DENVER — Colorado is fired up for an Oscar win.
Last year’s biggest statewide entry in the Academy Awards was “Don’t Look Up,” the ecological fable/comedy directed by former Denverite Adam McKay (“Anchorman,” “The Big Short”) and co-written by Denver’s David Sirota. It lost in all four categories for which it was nominated — including Best Motion Picture of the Year — but there’s hope again in 2023.
“Hollywood has a way of making the ceremony feel really humbling,” said Denver producer Shane Boris, who will attend the Oscars this weekend thanks to nominations for two separate titles. “We never make these even thinking an Oscar is possible.”
“These” are the documentaries “Fire of Love” and “Navalny,” two very different projects that share Boris as a producer. Boris, in fact, is the only person in Oscars history other than Walt Disney to be nominated in the documentary category twice in the same year, according to a publicist. Disney was nominated in 1942 for “The Grain That Built a Hemisphere” and “The New Spirit.”
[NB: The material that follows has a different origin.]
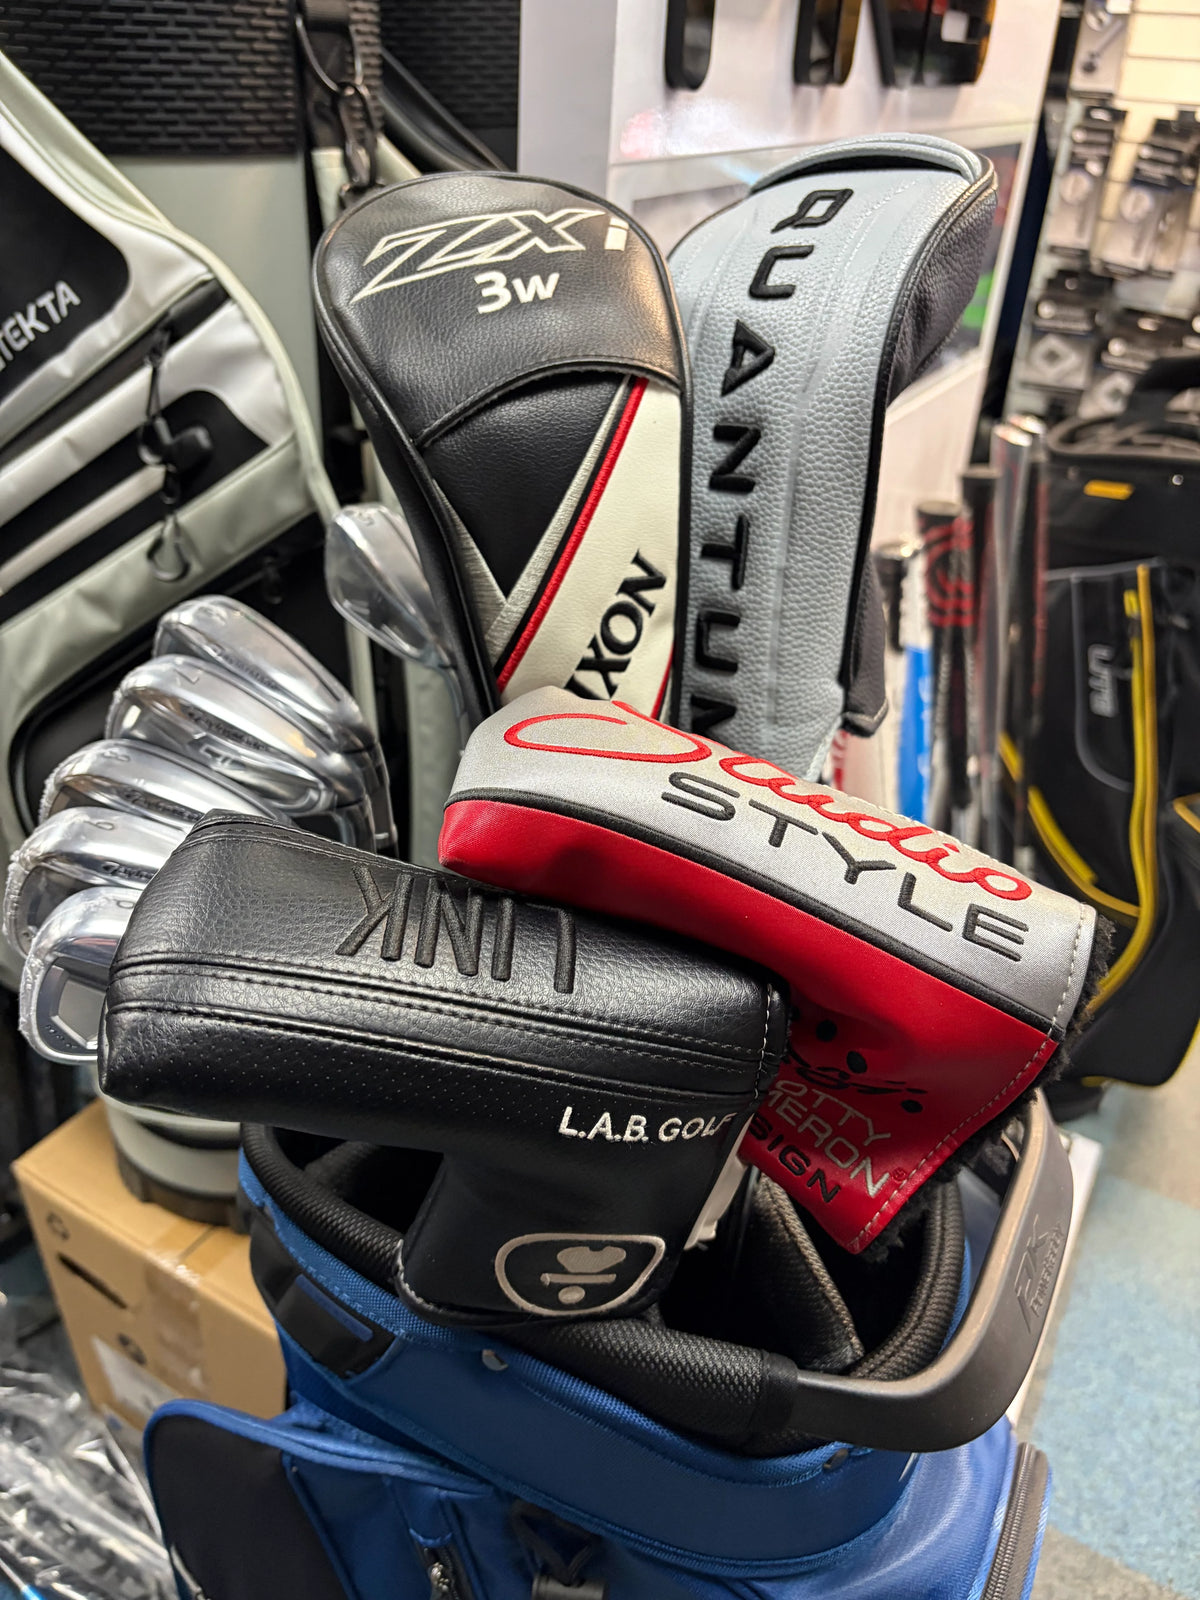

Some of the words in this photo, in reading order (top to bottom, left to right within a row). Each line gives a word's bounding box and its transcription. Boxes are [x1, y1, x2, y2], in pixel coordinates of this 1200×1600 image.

Back then the category contained a whopping 25 nominees. It now includes only five titles, making Boris’ double showing all the more impressive.
“The most important part of the awards is raising the profile of the important issues these films address,” said Boris, who graduated from Colorado Academy in 2000 and splits his time between Colorado and California, on a video call.
The annual Academy Awards telecast, which airs at 8 p.m. ET on Sunday, will be the biggest stage yet for Boris’ pair of nominated docs.
“Fire of Love” tells the love story of volcanologists Katia and Maurice Krafft, who produced spectacular footage and insights about volcanoes before dying together in a volcanic explosion in 1991. The acclaimed National Geographic movie, directed by Sara Dosa, is an eye-catcher on the Disney+ streaming homepage, giving it massive audience reach.
Director Daniel Roher’s “Navalny” examines Russian opposition leader Alexei Navalny, who was poisoned in 2020 in an attack that is suspected to have come directly from Vladimir Putin. Navalny remains a political prisoner in Russia, having spent most of the 21st century attempting to break Russian leadership’s authoritarian stranglehold on its people. A joint venture of HBO and CNN Films, “Navalny” is currently streaming on HBO Max.
Boris’ other Academy Award nomination came with “The Edge of Democracy,” a Brazilian film (also directed by Dosa) that missed its win in 2020, and is still available to stream on Netflix. His current titles flow in the same vein in their attempts to expand the boundaries of what documentaries can be, whether that’s a scientific love story or a thriller that just happens to be true.
Searchlight Pictures earlier this month confirmed that “Fire of Love” is getting adapted into a narrative feature, with Boris on board as producer, according to IndieWire.
“They’re captivating, but very urgent and issue-driven,” Boris said of his documentaries. “With ‘Fire of Love’ in particular, we took so many pieces from French New Wave and films like ‘Y Tu Mama Tambien’ and so many different books. I feel like the Colorado cultural and art scene definitely influenced that.”
Boris is quick to credit Colorado’s 20th-century cultural history alongside his creative peers and the artistic friends he had growing up in Denver. Whereas some state expats have sheepishly apologized for or denigrated Colorado’s isolated geography and Western roots, Boris sees avant garde artists and pioneers. That includes experimental filmmaker and former University of Colorado Boulder professor Stan Brakhage, whose eponymous award is presented each year at Denver Film Festival, as well as Chicano muralists, composers, designers and sculptors.
“It was always a part of my life and childhood to just hear their visionary ideas and understand them and crystalize them and do anything I could to help bring them into existence,” he said. “But I also learned an appreciation for nature and the sentience of the natural world that informs a lot of the work I care about. That’s just time in the mountains plus time with the Colorado sky.”
Boris’ deep resume and passion for justice, be it ecological, social or political, has already taken him to the other major awards shows of the industry, this year and in the past. He enjoys networking with other creatives and hearing why they’re passionate about their work. And he’s glad to contribute to Colorado’s growing documentary scene, exemplified by companies such as acclaimed director Jeff Orlowski’s Exposure Labs (“Chasing Coral,” “Chasing Ice,” “The Social Dilemma”).
“Oftentimes there are love stories in the best picture nominees, but there isn’t one this year,” he said. “So it feels pretty amazing to have a story about love for each other, and the planet, in the documentary category. No matter what happens, if it helps people to express their deeper love for one another and be more inclined to care for the planet that sustains us, we’re touched beyond belief.”